(Task requirements):
Pictures aside, repeat the whole listing word for word.

(Records for this task):
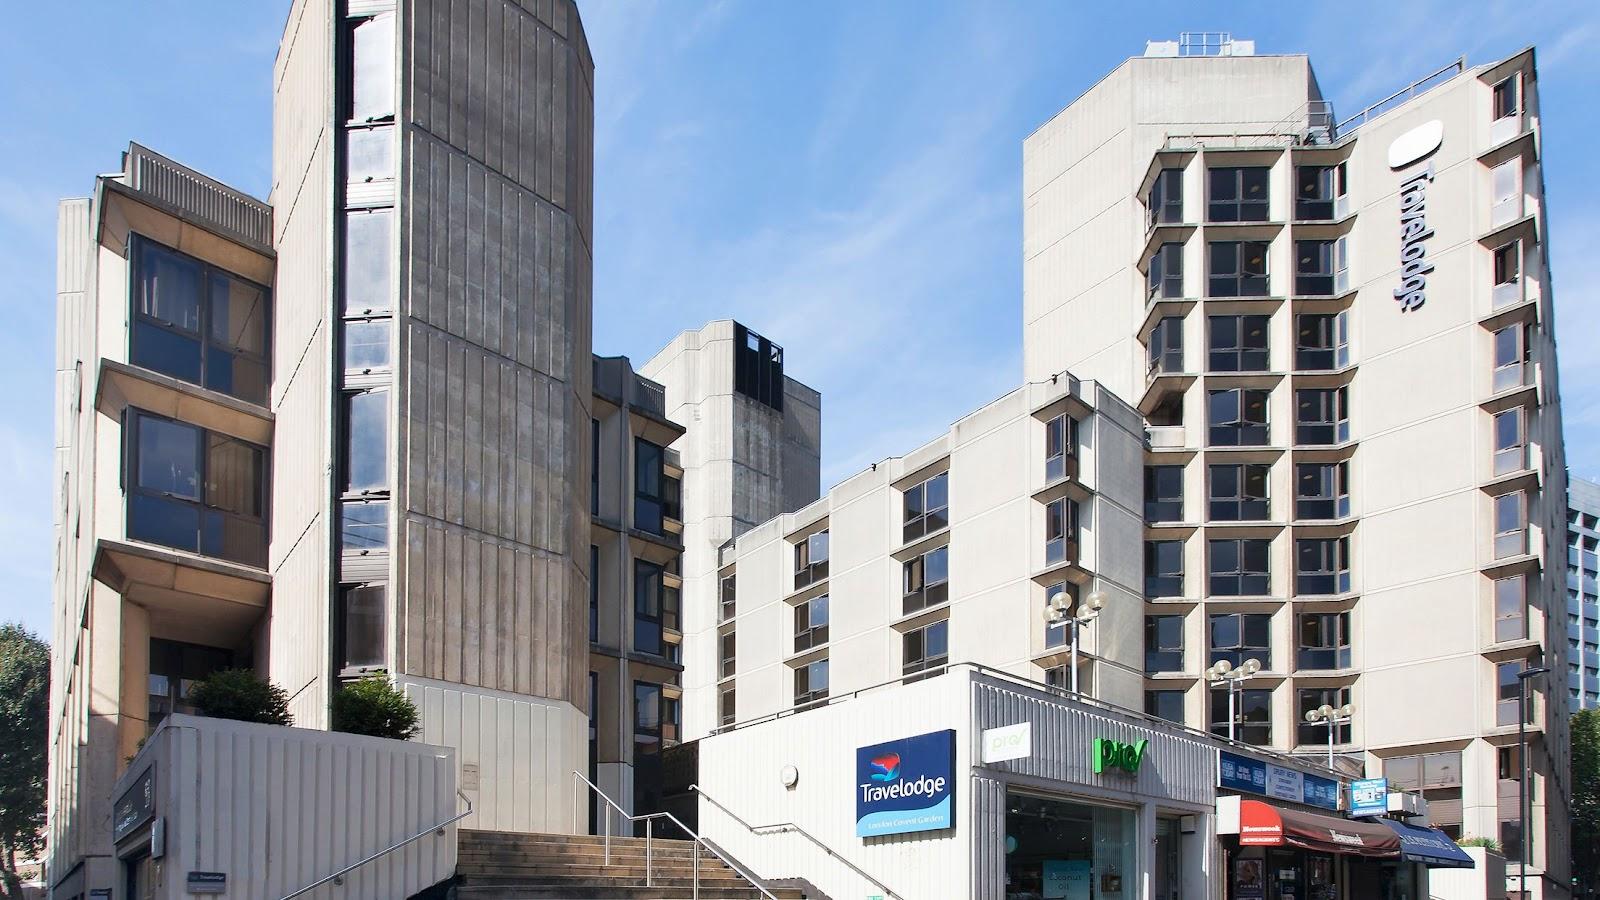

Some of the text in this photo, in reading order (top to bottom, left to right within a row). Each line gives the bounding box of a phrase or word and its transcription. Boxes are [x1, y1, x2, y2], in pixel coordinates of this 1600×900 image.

[1394, 160, 1434, 313] Travelodge
[860, 774, 946, 803] Travelodge
[868, 815, 944, 830] London Covent Garden
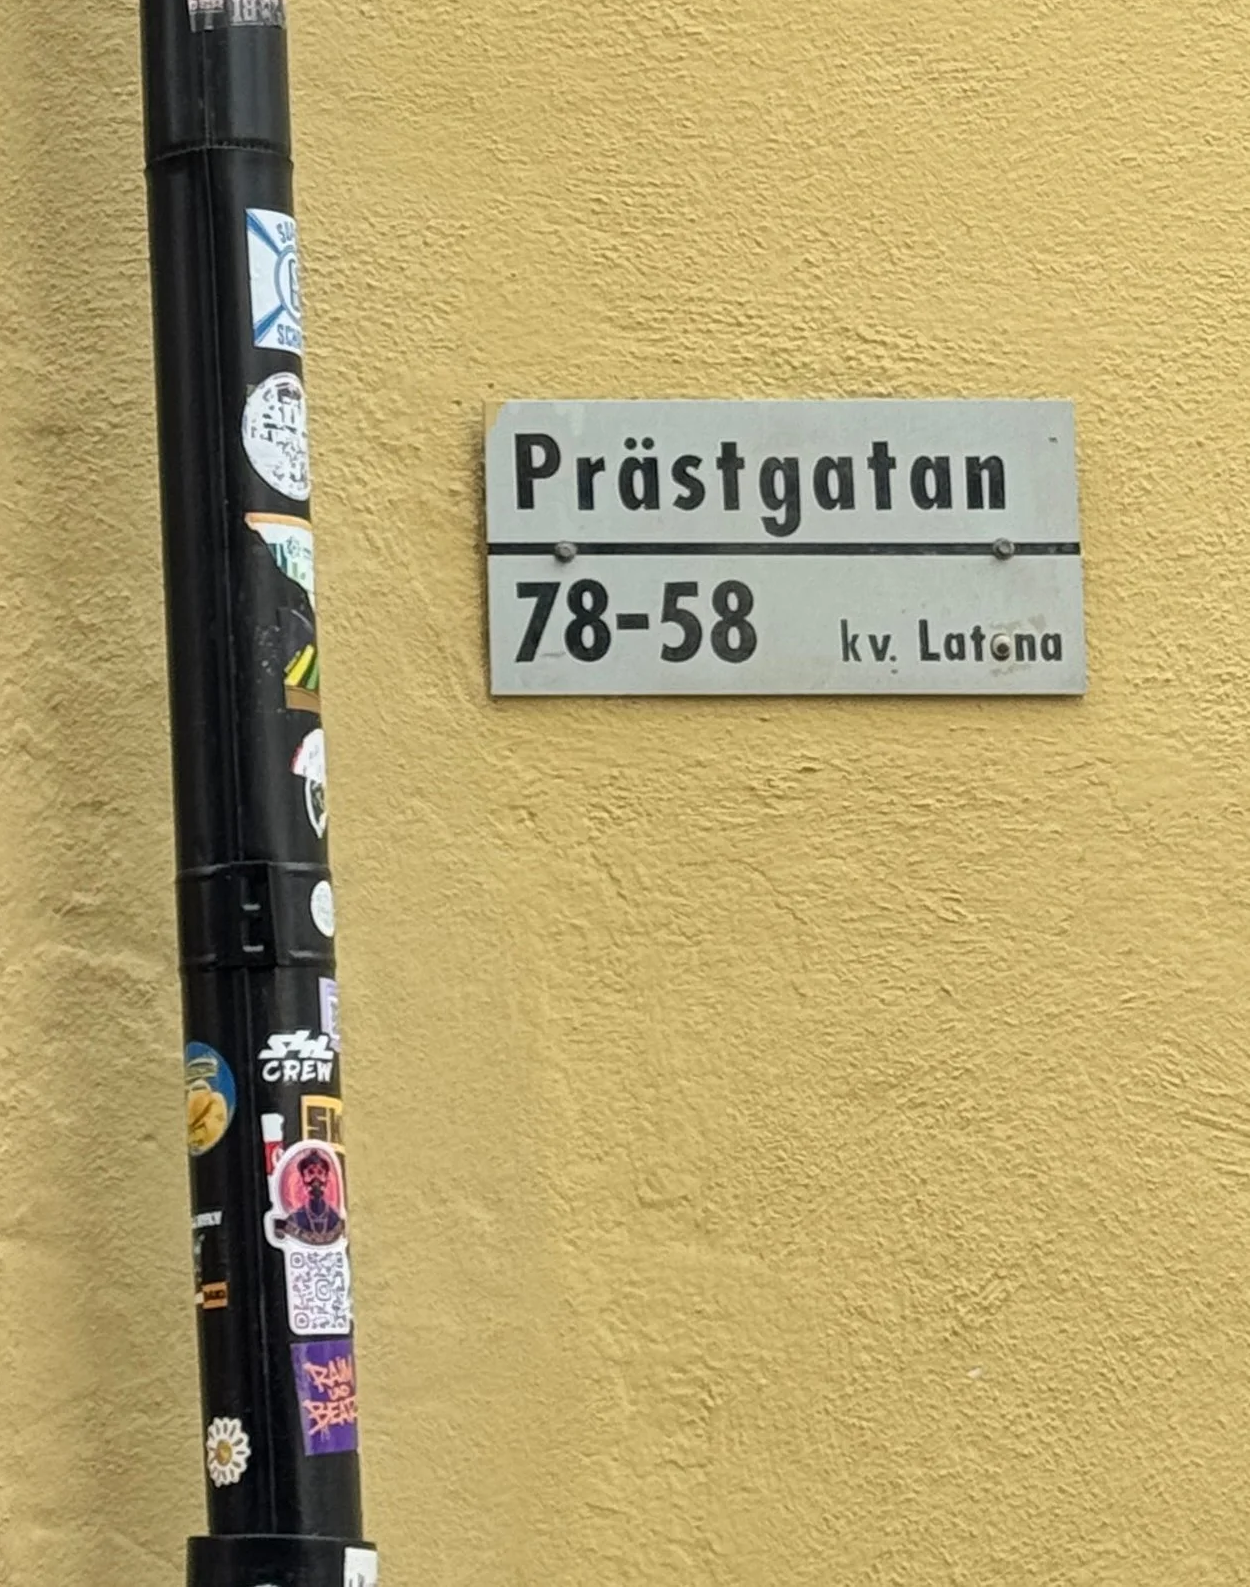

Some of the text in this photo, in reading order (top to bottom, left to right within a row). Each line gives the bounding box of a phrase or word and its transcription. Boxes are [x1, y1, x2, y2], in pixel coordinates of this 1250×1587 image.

[514, 432, 1006, 537] Prästgatan
[514, 578, 758, 663] 78-58
[841, 619, 898, 662] kv.
[262, 1061, 333, 1082] CREW
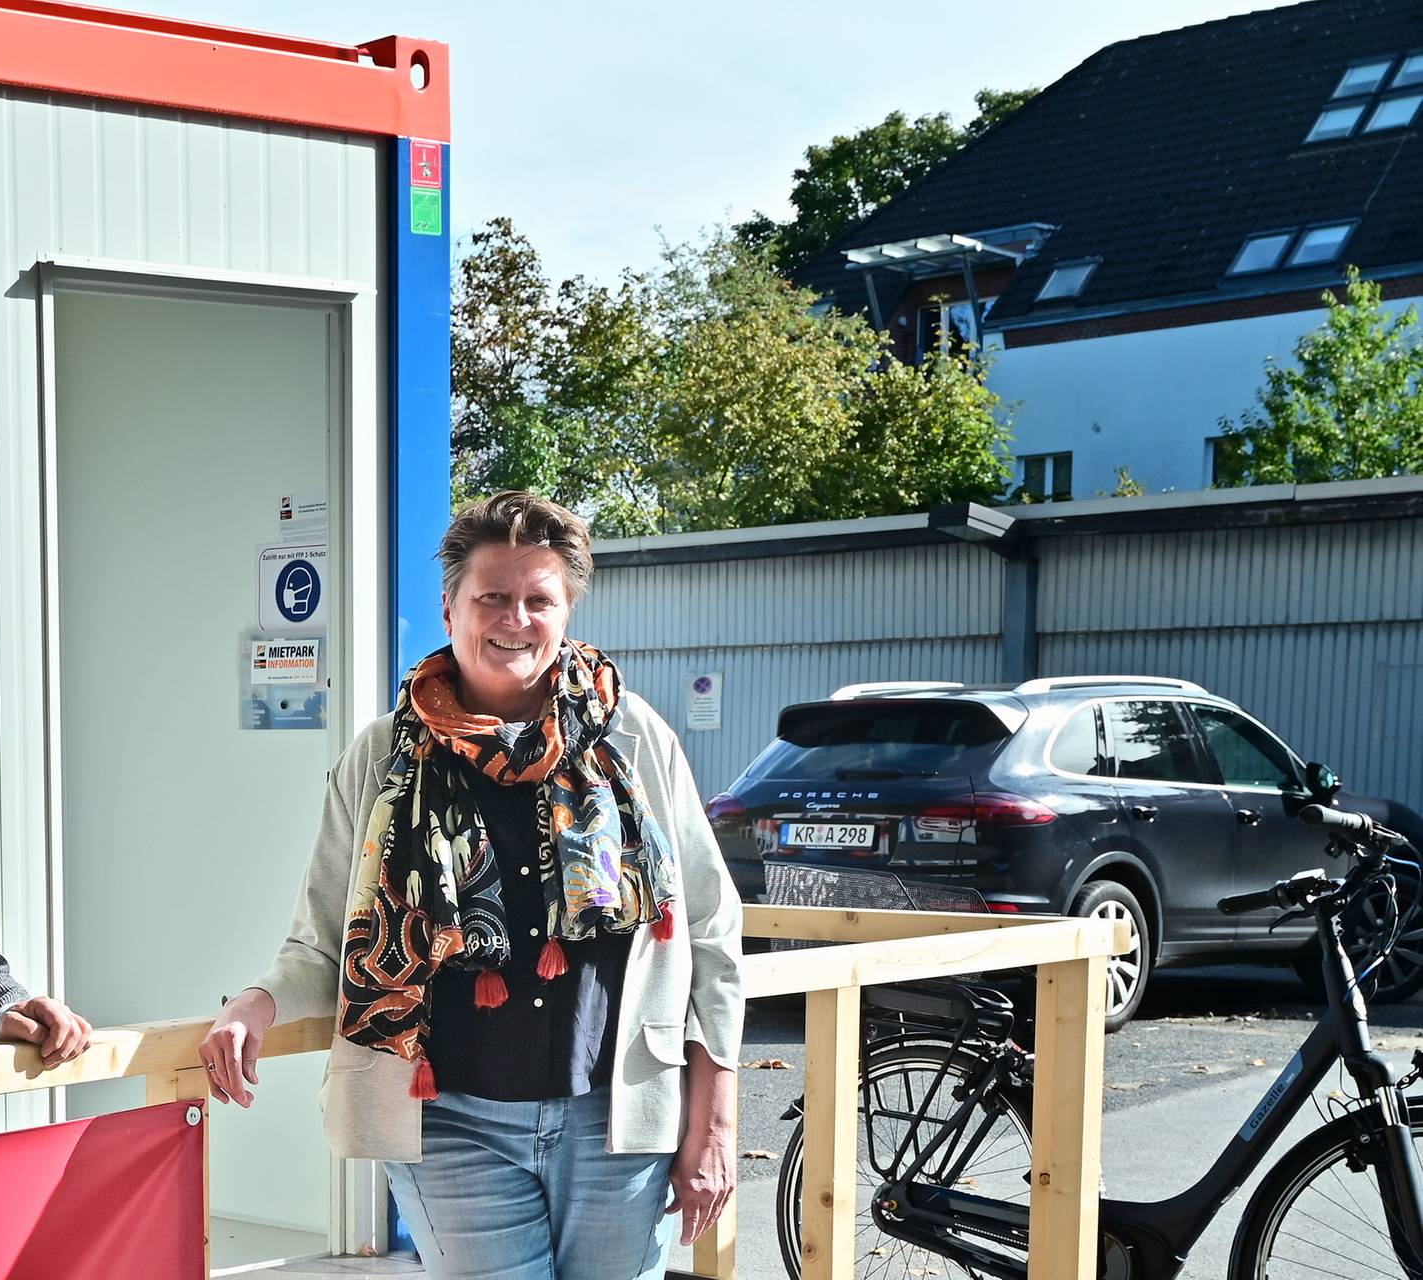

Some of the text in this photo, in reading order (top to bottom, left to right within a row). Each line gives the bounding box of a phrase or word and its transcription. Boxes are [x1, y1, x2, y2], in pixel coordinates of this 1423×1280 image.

[268, 646, 314, 658] MIETPARK
[268, 659, 314, 668] INFORMATION
[794, 826, 815, 843] KR
[825, 827, 834, 843] A
[838, 828, 867, 843] 298
[1250, 1083, 1286, 1129] Gazelle
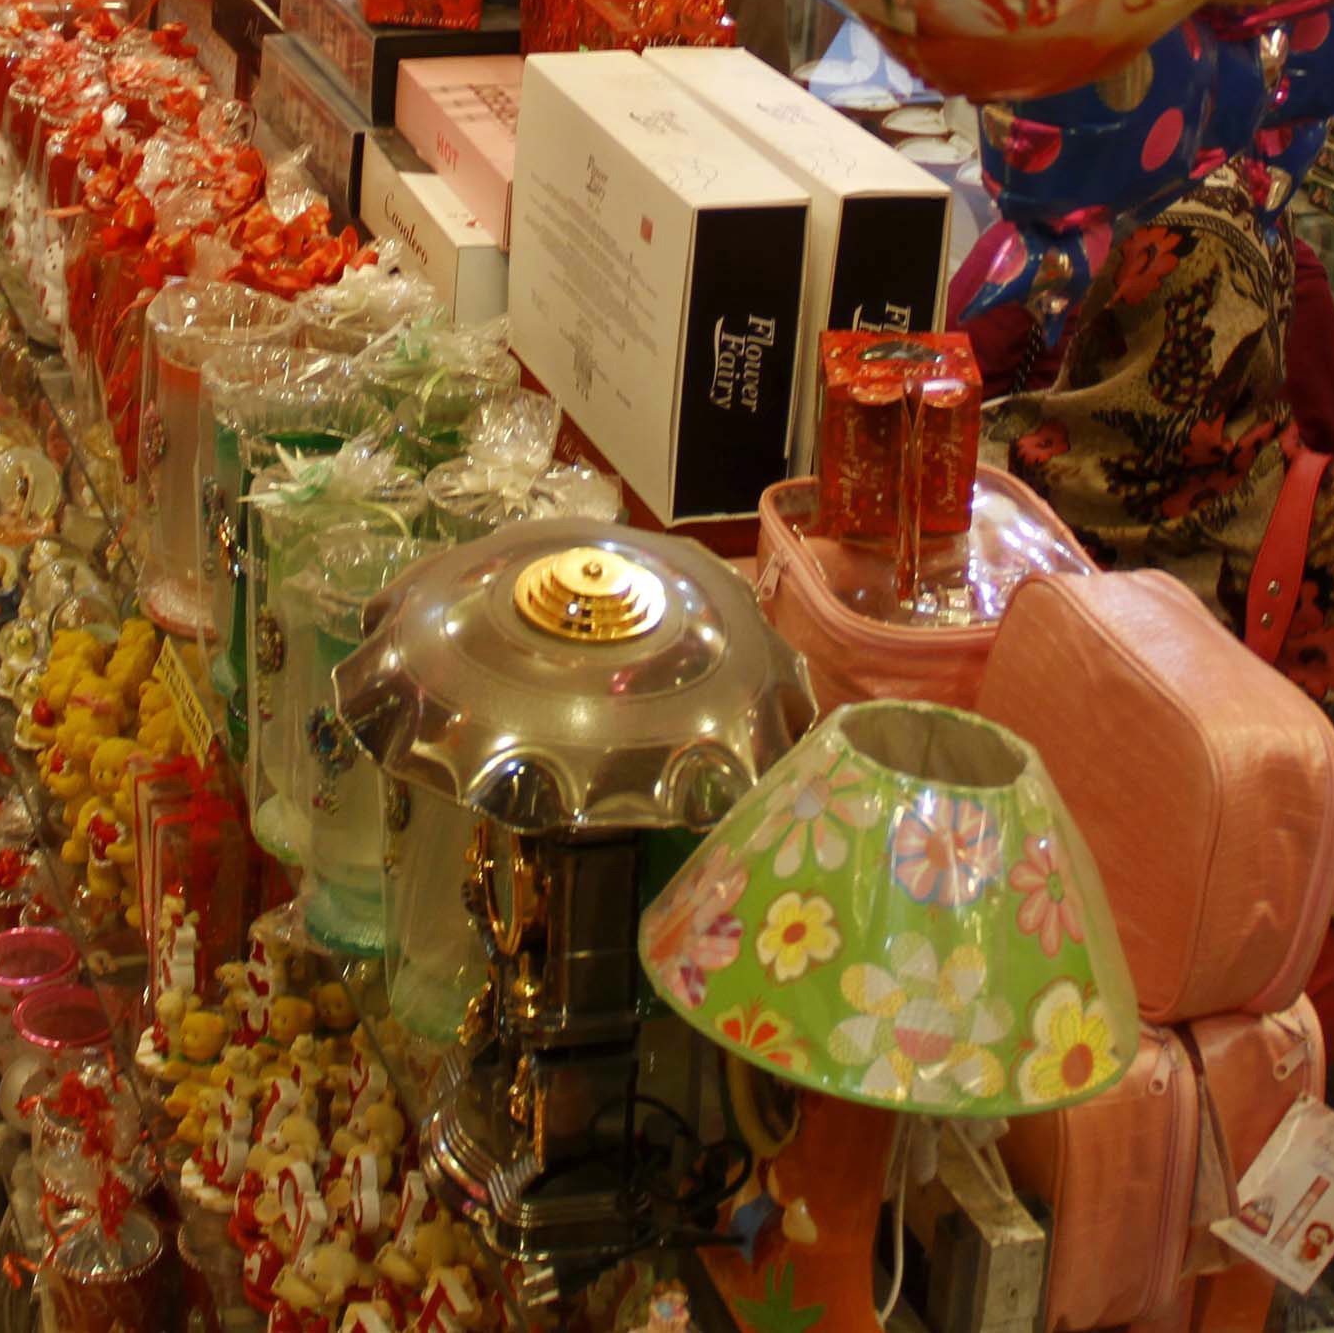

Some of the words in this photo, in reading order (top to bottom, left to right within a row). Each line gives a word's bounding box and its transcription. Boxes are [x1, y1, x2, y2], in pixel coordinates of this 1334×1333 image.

[436, 131, 459, 171] HOT
[713, 328, 749, 412] Fairy
[741, 314, 776, 413] Flower

(Your response):
Some of the text in this photo, in reading order (top to bottom, left to right within a row). Each line gives the bounding box of a phrase or word and its transcription. Boxes are [x1, y1, x2, y2], in pixel coordinates of this 1600×900 image.

[1394, 160, 1434, 313] Travelodge
[860, 774, 946, 803] Travelodge
[868, 815, 944, 830] London Covent Garden

Some of the text in this photo, in reading order (top to bottom, left to right within a row). Each line gives the bounding box of a phrase or word and its transcription. Boxes are [x1, y1, x2, y2], in pixel coordinates of this 1250×1587 image.

[514, 432, 1006, 537] Prästgatan
[514, 578, 758, 663] 78-58
[841, 619, 898, 662] kv.
[262, 1061, 333, 1082] CREW

Some of the text in this photo, in reading order (top to bottom, left to right within a row). Each line gives the bounding box of a phrase or word and its transcription. Boxes are [x1, y1, x2, y2], in pixel coordinates of this 1423×1280 image.

[268, 646, 314, 658] MIETPARK
[268, 659, 314, 668] INFORMATION
[794, 826, 815, 843] KR
[825, 827, 834, 843] A
[838, 828, 867, 843] 298
[1250, 1083, 1286, 1129] Gazelle

Some of the words in this photo, in reading order (top to bottom, left to right within a row). Each line gives a word's bounding box and its transcription. Boxes are [x1, y1, x2, y2], in pixel coordinates of this 1334×1333 image.

[436, 131, 459, 171] HOT
[713, 328, 749, 412] Fairy
[741, 314, 776, 413] Flower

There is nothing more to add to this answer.